Relationships in Dataverse
A good data model is the foundation of every successful Dataverse solution. The way you set up relationships between tables determines how you can query, display, and secure your data. Dataverse supports three types of relationships: one-to-many (1:N), many-to-many (N:N), and polymorphic. In this article, we explain each type, show when to use which type, and share best practices from real-world experience.
Why relationships matter
Relationships define how tables are connected to each other. They determine which lookup fields are available in forms, which subgrids you can display, how cascading behavior works when deleting or assigning records, and how you can build views and reports. An incorrectly set up relationship can lead to performance issues, data loss on deletion, or the inability to create the desired reports.
One-to-many relationships
The basics of 1:N
The one-to-many relationship is the most commonly used relationship type in Dataverse. A record in the primary table (the "one" side) can be related to multiple records in the related table (the "many" side). Technically, this is implemented by adding a lookup column to the related table that references the primary table. An example: one account can have multiple contacts. The "Company Name" lookup field on the contact table references the account table.
Cascading behavior
When creating a 1:N relationship, you configure the cascading behavior: what should happen to related records when the primary record is assigned, shared, unlinked, or deleted? The options range from Cascade All (all related records undergo the same action) to Remove Link (only the link is broken) to Restrict (the action is blocked if related records exist). Choose carefully, because the wrong cascading behavior can lead to unintended data loss or the inability to delete records.
Many-to-many relationships
N:N relationships explained
A many-to-many relationship is needed when records on both sides can have multiple links. A contact can be a member of multiple projects and a project can have multiple contacts. Dataverse implements N:N relationships via an automatically created intersection table that contains the link records. You do not need to manage this intermediate table yourself. In Power Apps, N:N relationships are displayed as subgrids where you can link and unlink existing records.
When N:N versus manual intersection table
The standard N:N relationship has a limitation: you cannot add extra attributes to the link itself. If you want to record the role or start date in the link between a contact and a project, you need a manual intersection table. This pattern (also called an associative entity) gives you full control over the relationship attributes and is more flexible for complex scenarios.
Choose the right relationship type based on actual business requirements, not based on what is easiest to implement. A wrong choice now leads to costly rebuilds later.
Polymorphic relationships
What are polymorphic relationships?
Polymorphic relationships are a unique concept in Dataverse where a single lookup field can reference records in multiple tables. The most well-known example is the "Regarding" field on the activity table: an email, phone call, or appointment can be related to an account, contact, opportunity, case, or any other table that supports activities. This is enormously powerful but also complex to work with.
Customer and regarding types
Dataverse has two built-in polymorphic field types: Customer (references Account or Contact) and Regarding (references a configurable set of tables). You can also create custom polymorphic lookups, but this is rarely recommended due to complexity. In Dynamics 365, polymorphic relationships are used extensively: the Customer lookup on an opportunity lets you choose between an account and a contact without needing two separate fields.
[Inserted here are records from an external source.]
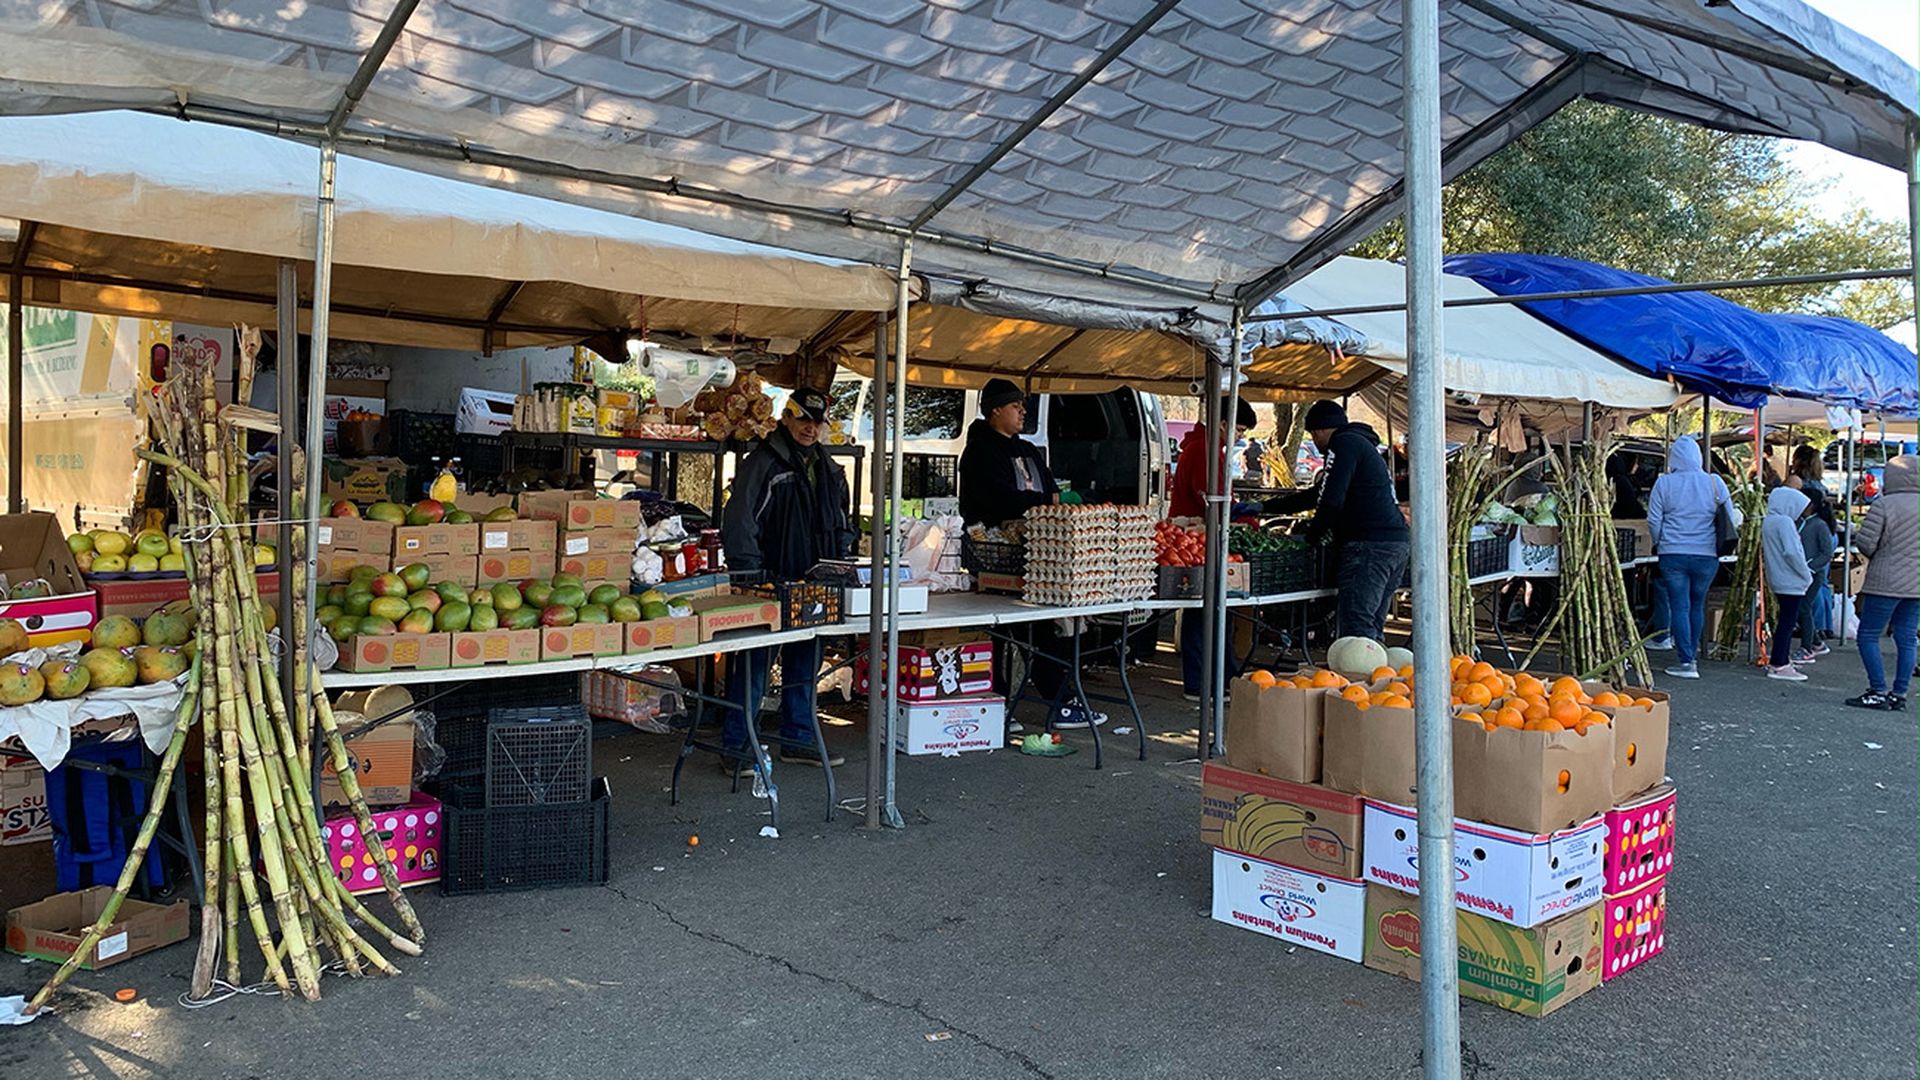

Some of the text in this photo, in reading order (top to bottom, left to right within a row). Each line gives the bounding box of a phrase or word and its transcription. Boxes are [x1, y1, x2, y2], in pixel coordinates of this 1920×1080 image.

[924, 739, 990, 751] Premium Plantains
[22, 794, 44, 807] SU
[1307, 839, 1338, 857] Dole
[1257, 883, 1317, 906] World Direct
[1456, 891, 1514, 921] Premiu
[1231, 910, 1337, 950] Premium Plantains
[1382, 922, 1414, 943] Monte
[35, 935, 78, 954] MANGO
[1457, 945, 1536, 980] BANANAS
[1468, 966, 1536, 998] Premium
Best practices for data modeling
Based on our extensive experience at Breathbase, we share a number of best practices. Always start by mapping out your entities and their relationships on paper or in an ERD tool before you start building. Use 1:N relationships as the default and only switch to N:N when it is actually needed. Avoid circular relationships that lead to confusion and performance issues. Document the cascading behavior of each relationship and discuss it with the business. Test your data model with realistic amounts of data to discover performance issues early. A well-thought-out data model in Dataverse is the foundation for a scalable and maintainable solution that grows with the organization.